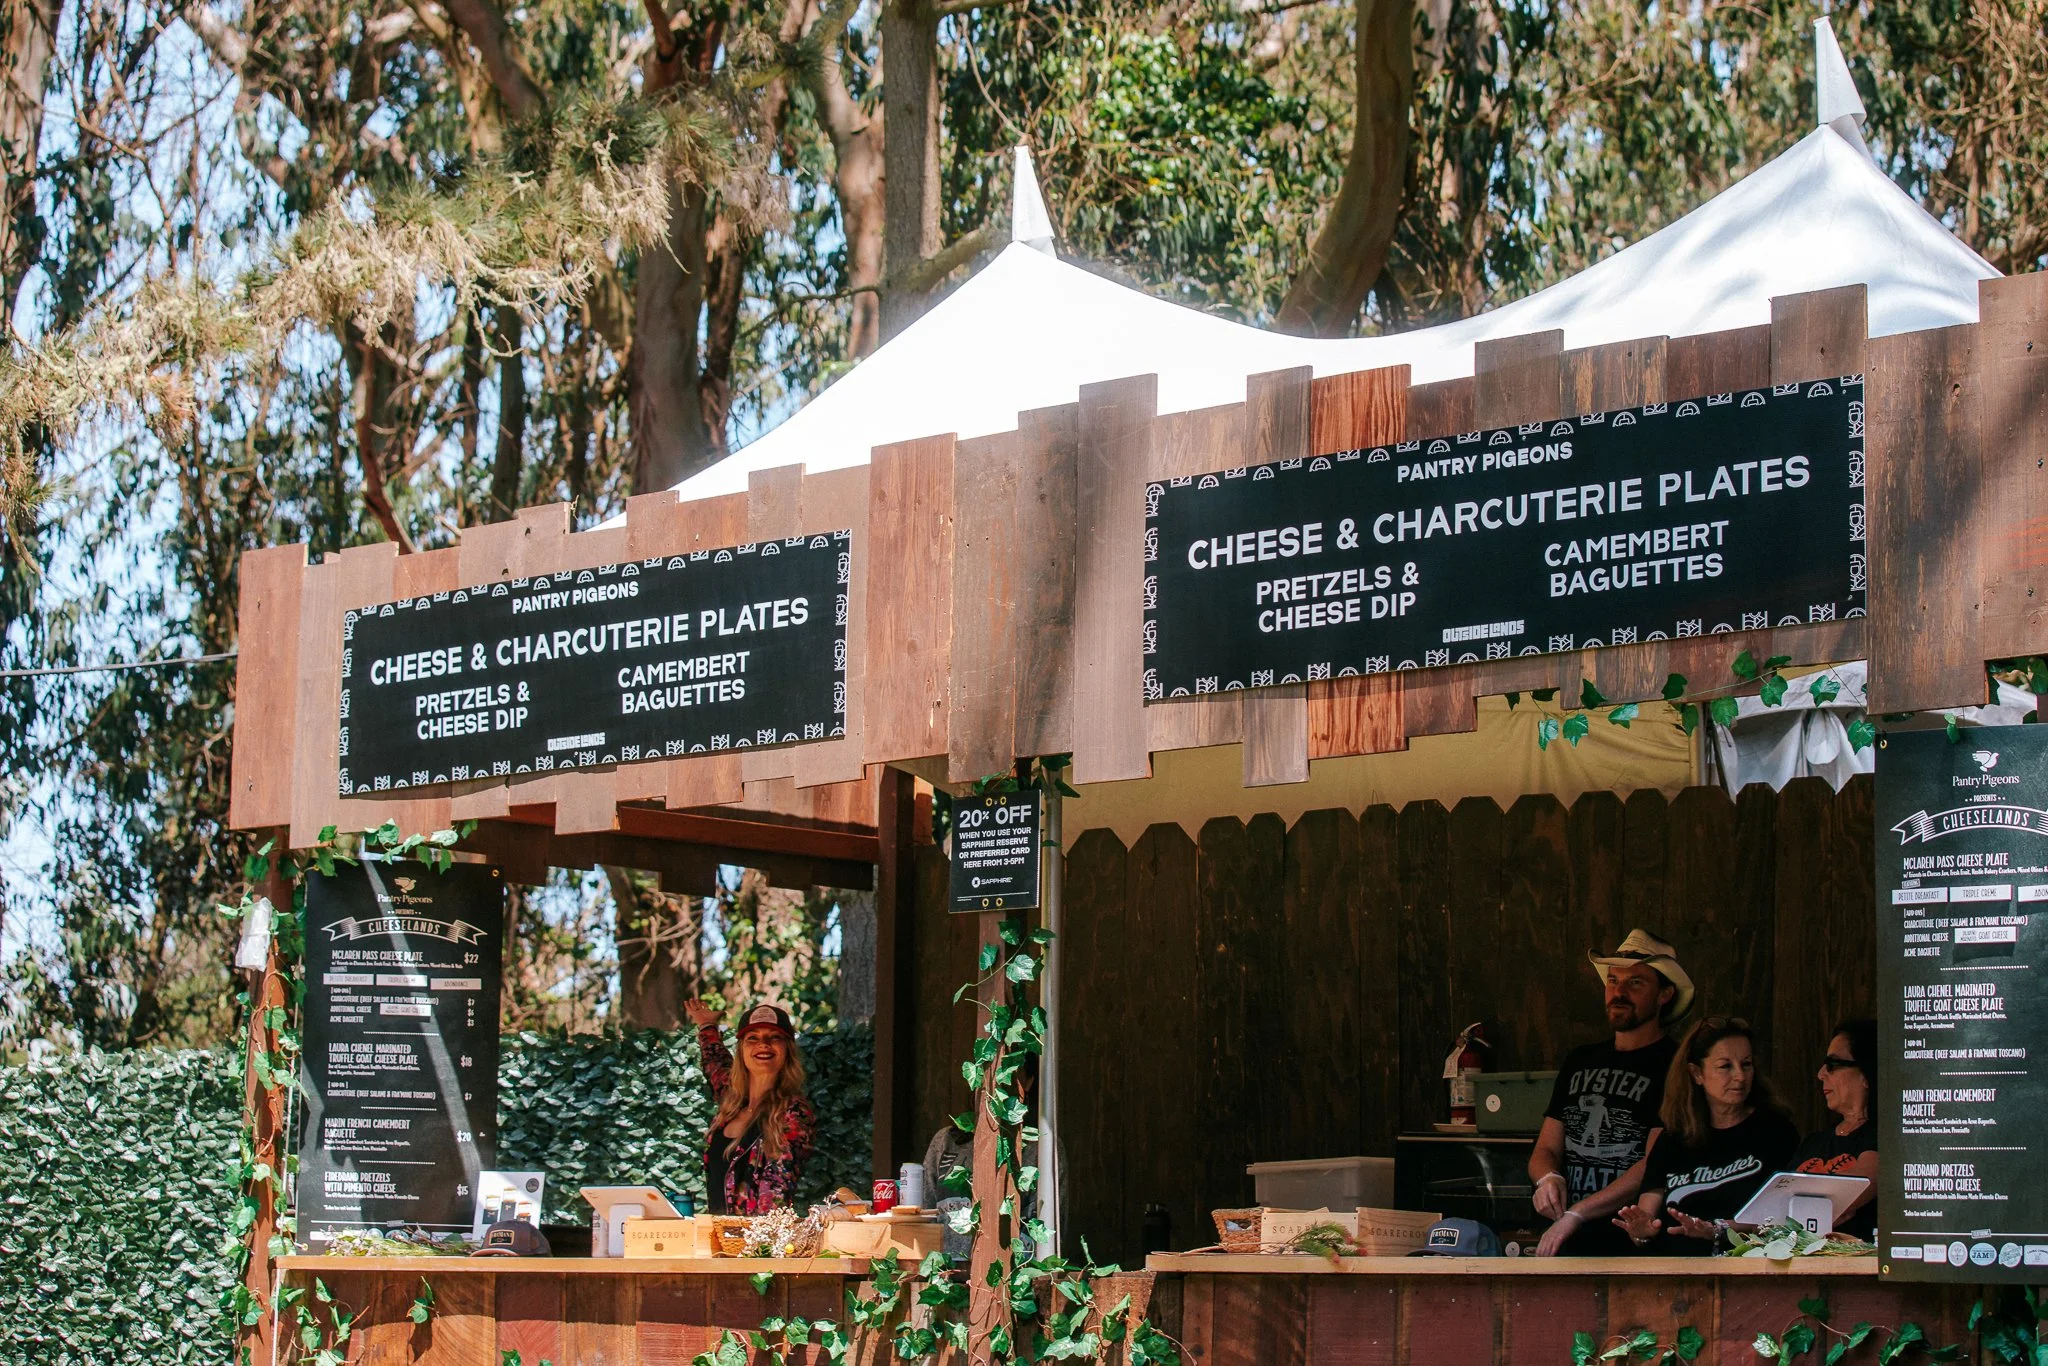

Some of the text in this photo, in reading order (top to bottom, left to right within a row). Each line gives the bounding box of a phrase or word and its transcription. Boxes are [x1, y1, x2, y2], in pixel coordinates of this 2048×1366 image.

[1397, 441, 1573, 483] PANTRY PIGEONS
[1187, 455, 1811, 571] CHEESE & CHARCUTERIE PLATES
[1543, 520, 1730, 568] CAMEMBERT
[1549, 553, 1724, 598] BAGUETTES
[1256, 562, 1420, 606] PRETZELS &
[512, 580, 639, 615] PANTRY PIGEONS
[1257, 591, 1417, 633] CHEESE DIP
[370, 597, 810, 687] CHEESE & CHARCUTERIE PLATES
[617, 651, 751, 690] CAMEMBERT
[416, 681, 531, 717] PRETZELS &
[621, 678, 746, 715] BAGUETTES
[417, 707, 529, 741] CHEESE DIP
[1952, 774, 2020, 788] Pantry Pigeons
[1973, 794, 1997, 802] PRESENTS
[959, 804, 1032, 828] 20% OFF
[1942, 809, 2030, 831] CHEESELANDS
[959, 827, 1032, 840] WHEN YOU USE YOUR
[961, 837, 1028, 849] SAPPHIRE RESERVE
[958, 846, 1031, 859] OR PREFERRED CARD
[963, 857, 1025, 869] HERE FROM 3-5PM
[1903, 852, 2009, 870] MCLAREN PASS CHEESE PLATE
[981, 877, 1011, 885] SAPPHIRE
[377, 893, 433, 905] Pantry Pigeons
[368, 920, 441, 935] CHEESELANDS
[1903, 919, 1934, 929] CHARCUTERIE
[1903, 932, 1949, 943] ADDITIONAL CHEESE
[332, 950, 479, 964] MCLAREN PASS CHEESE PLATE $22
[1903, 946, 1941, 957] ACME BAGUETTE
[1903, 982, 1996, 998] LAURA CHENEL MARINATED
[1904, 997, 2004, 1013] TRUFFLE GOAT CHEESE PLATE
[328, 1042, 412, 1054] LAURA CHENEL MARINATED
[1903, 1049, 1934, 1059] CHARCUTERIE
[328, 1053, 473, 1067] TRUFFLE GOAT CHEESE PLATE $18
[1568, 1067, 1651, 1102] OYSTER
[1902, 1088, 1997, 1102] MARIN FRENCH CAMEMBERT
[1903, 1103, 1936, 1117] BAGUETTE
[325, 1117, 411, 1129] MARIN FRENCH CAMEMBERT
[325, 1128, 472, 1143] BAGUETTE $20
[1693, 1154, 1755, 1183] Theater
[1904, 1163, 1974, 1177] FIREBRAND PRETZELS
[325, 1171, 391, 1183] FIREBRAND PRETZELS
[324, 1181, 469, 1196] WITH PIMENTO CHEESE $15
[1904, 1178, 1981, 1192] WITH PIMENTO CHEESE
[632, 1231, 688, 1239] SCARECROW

AIM OF THE EXERCISE
What is needed here is an exact transcript of the data above, pictures excluded.

RESPONSE BELOW
Some of the text in this photo, in reading order (top to bottom, left to right within a row). Each line gives the bounding box of a phrase or word and its transcription. Boxes are [x1, y1, x2, y2], in pixel coordinates of this 2048×1366 image.

[1397, 441, 1573, 483] PANTRY PIGEONS
[1187, 455, 1811, 571] CHEESE & CHARCUTERIE PLATES
[1543, 520, 1730, 568] CAMEMBERT
[1549, 553, 1724, 598] BAGUETTES
[1256, 562, 1420, 606] PRETZELS &
[512, 580, 639, 615] PANTRY PIGEONS
[1257, 591, 1417, 633] CHEESE DIP
[370, 597, 810, 687] CHEESE & CHARCUTERIE PLATES
[617, 651, 751, 690] CAMEMBERT
[416, 681, 531, 717] PRETZELS &
[621, 678, 746, 715] BAGUETTES
[417, 707, 529, 741] CHEESE DIP
[1952, 774, 2020, 788] Pantry Pigeons
[1973, 794, 1997, 802] PRESENTS
[959, 804, 1032, 828] 20% OFF
[1942, 809, 2030, 831] CHEESELANDS
[959, 827, 1032, 840] WHEN YOU USE YOUR
[961, 837, 1028, 849] SAPPHIRE RESERVE
[958, 846, 1031, 859] OR PREFERRED CARD
[963, 857, 1025, 869] HERE FROM 3-5PM
[1903, 852, 2009, 870] MCLAREN PASS CHEESE PLATE
[981, 877, 1011, 885] SAPPHIRE
[377, 893, 433, 905] Pantry Pigeons
[368, 920, 441, 935] CHEESELANDS
[1903, 919, 1934, 929] CHARCUTERIE
[1903, 932, 1949, 943] ADDITIONAL CHEESE
[332, 950, 479, 964] MCLAREN PASS CHEESE PLATE $22
[1903, 946, 1941, 957] ACME BAGUETTE
[1903, 982, 1996, 998] LAURA CHENEL MARINATED
[1904, 997, 2004, 1013] TRUFFLE GOAT CHEESE PLATE
[328, 1042, 412, 1054] LAURA CHENEL MARINATED
[1903, 1049, 1934, 1059] CHARCUTERIE
[328, 1053, 473, 1067] TRUFFLE GOAT CHEESE PLATE $18
[1568, 1067, 1651, 1102] OYSTER
[1902, 1088, 1997, 1102] MARIN FRENCH CAMEMBERT
[1903, 1103, 1936, 1117] BAGUETTE
[325, 1117, 411, 1129] MARIN FRENCH CAMEMBERT
[325, 1128, 472, 1143] BAGUETTE $20
[1693, 1154, 1755, 1183] Theater
[1904, 1163, 1974, 1177] FIREBRAND PRETZELS
[325, 1171, 391, 1183] FIREBRAND PRETZELS
[324, 1181, 469, 1196] WITH PIMENTO CHEESE $15
[1904, 1178, 1981, 1192] WITH PIMENTO CHEESE
[632, 1231, 688, 1239] SCARECROW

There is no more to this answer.